3.高分子质量产物(>4kb)呈弥散状分布 ①降低DNA浓度;②降低Taq DNA聚合酶浓度;③减少上样量;④可能是由于循环次数过多,减少循环次数;⑤确认是否使用正确的缓冲液制备凝胶;⑥在较低的电压下电泳。
4.带谱不可重复 DNA过多或过少都会影响扩增带谱。把基因组DNA浓度控制在10~100ng范围之内,DNA量太少时,“真正”靶序列与引物的结合效率低,因此引物扩增会产生假的条带,这就称为引物伪迹;DNA量太多会导致错误配对(指引物与基因组DNA的配对)。每个样品进行两个不同DNA浓度的反应。
5.影响RAPD图谱重复性的因素 RAPD图谱对实验程序和条件的变化很敏感。在同一个实验室中RAPD的可靠性和可重复性较高,而不同实验室之间RAPD的可比性却较差。一般影响条带的数目、大小和强度的因素有PCR缓冲液、dNTP和Mg2+浓度、循环参数(退火温度、变温时间、PCR仪)、Taq DNA聚合酶来源、DNA浓度、引物浓度。一般情况下:①每个反应所需DNA模板浓度为20~80ng;②dNTP浓度为100~200μmoL/L。
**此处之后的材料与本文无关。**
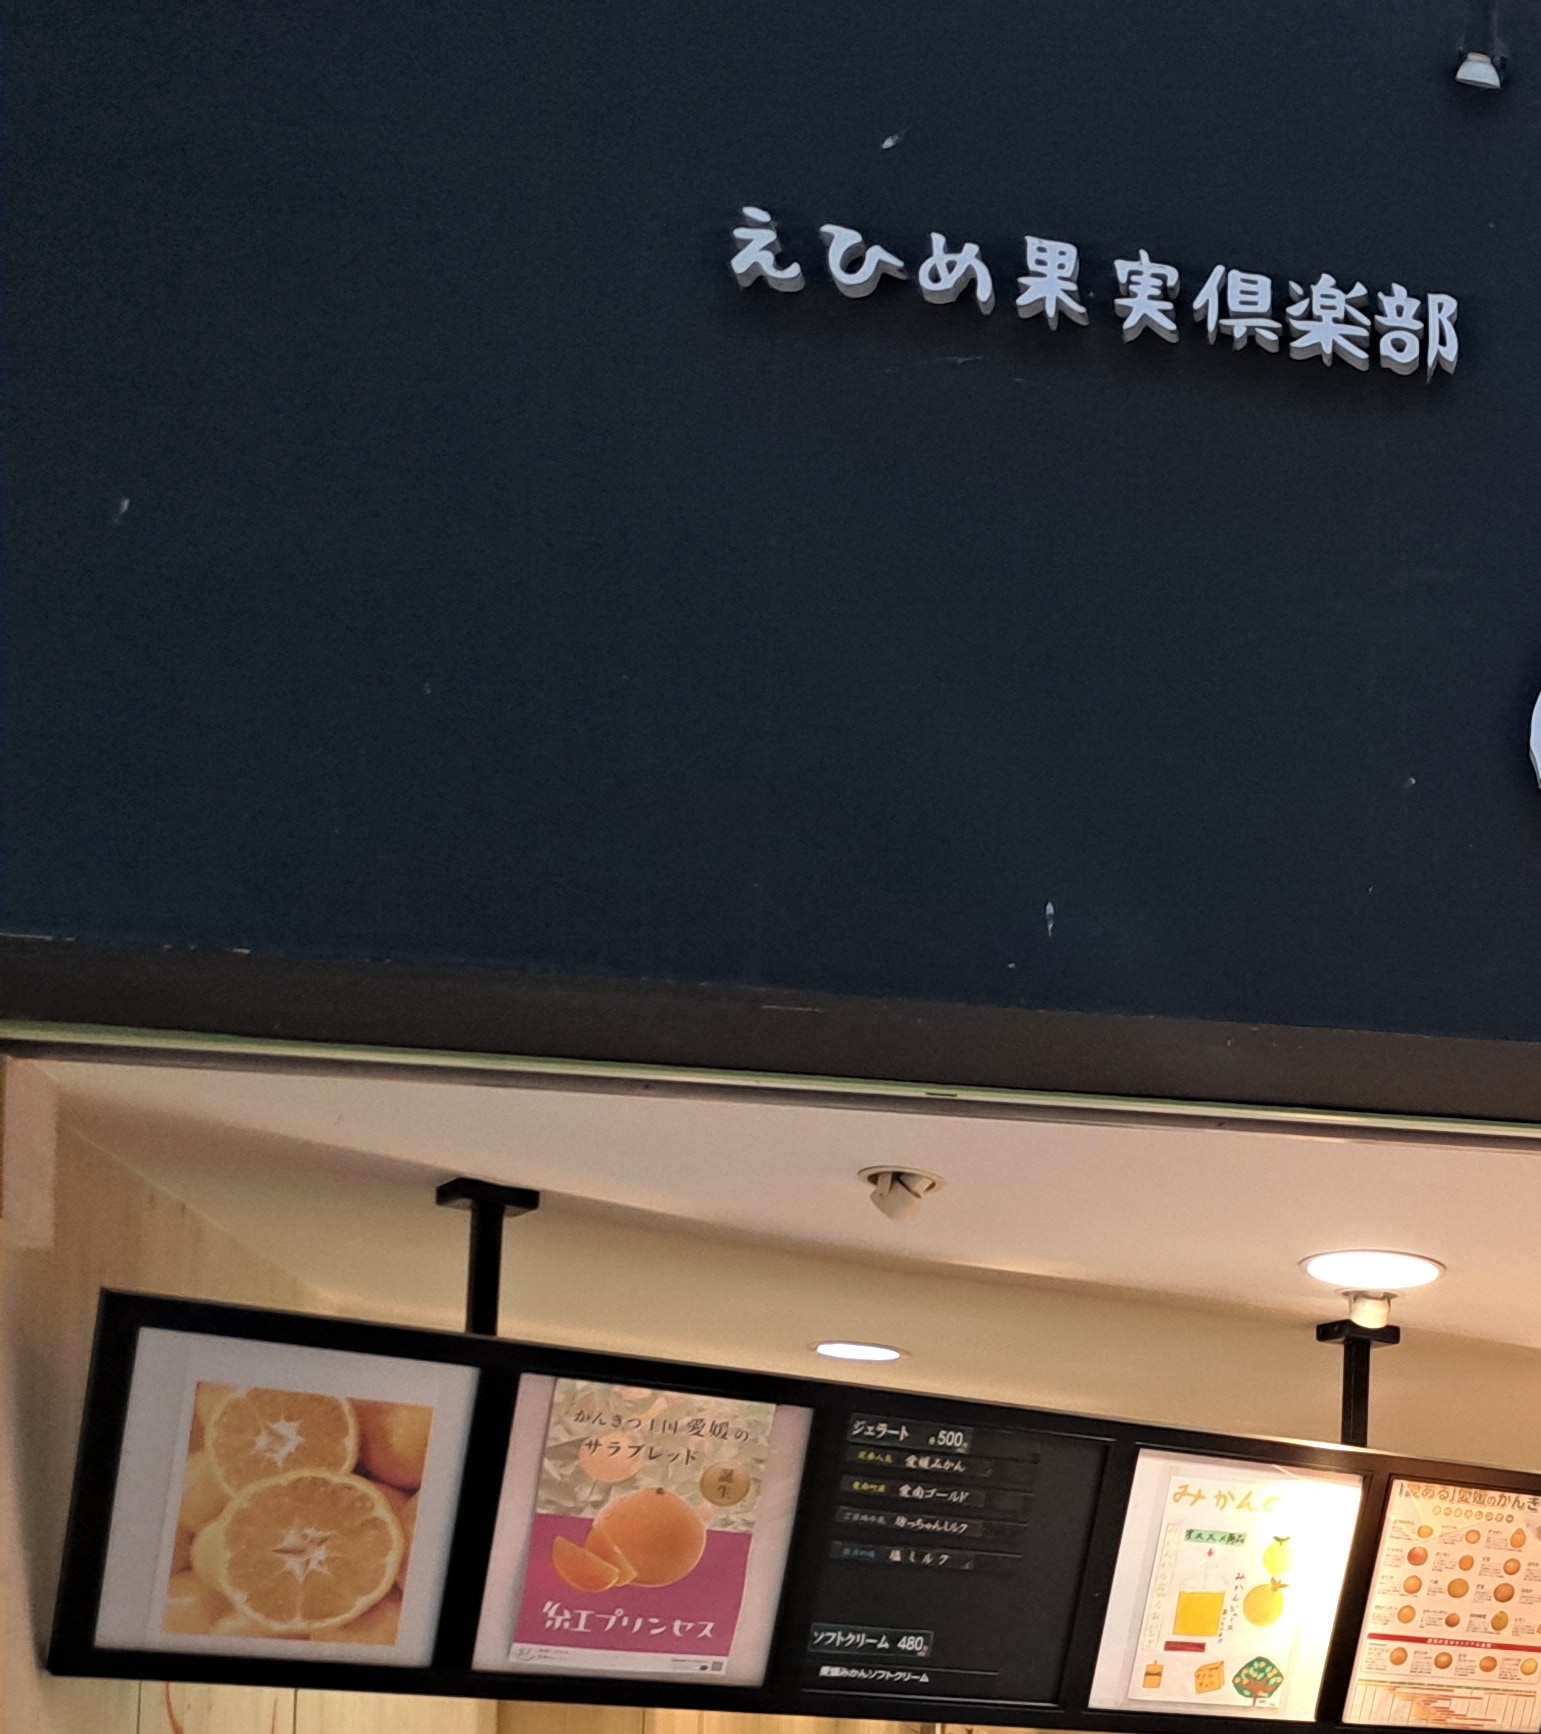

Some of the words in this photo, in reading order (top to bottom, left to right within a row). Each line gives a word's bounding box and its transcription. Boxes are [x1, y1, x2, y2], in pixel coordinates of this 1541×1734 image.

在PCR热循环过程中,每种dNTP的终浓度为20~200μmol/L时,产物量高,特异性、忠实性较好;③Taq DNA聚合酶浓度在PCR中的用量受到反应体积、酶活性、酶耐热性等因素的制约,在条件合适时,每25μl体系中一般使用1~1.5U的raq DNA聚合酶。Taq DNA聚合酶用量过多时会引起非特异性扩增,从而在胶上出现比较深的背景,影响结果的检测,因此Taq DNA聚合酶的用量不宜过大;④退火温度的影响。退火温度对PCR的特异性十分关键,过高会使引物和模板结合不上,过低会使引物和模板非特异结合,使扩增片段的特异性下降。引物退火所用的温度取决于引物碱基的组成、长度和浓度,合适的退火温度应低于引物在PCR条件下真实Tm(melting temperature,解链温度)值5℃。
针对RAPD实验过程中可能遇到的问题,结合我们的课题,对中国地鼠RAPD分析体系反应中的几个主要影响因素进行了优化,确定*佳反应条件,以便获得稳定的扩增结果,为进一步用RAPD技术对中国地鼠的遗传研究奠定基础。具体实验如下:
(一)材料和方法
1.材料 中国地鼠近交E家系和A家系,随机各取12只作为实验材料。由山西医科大学实验动物中心提供。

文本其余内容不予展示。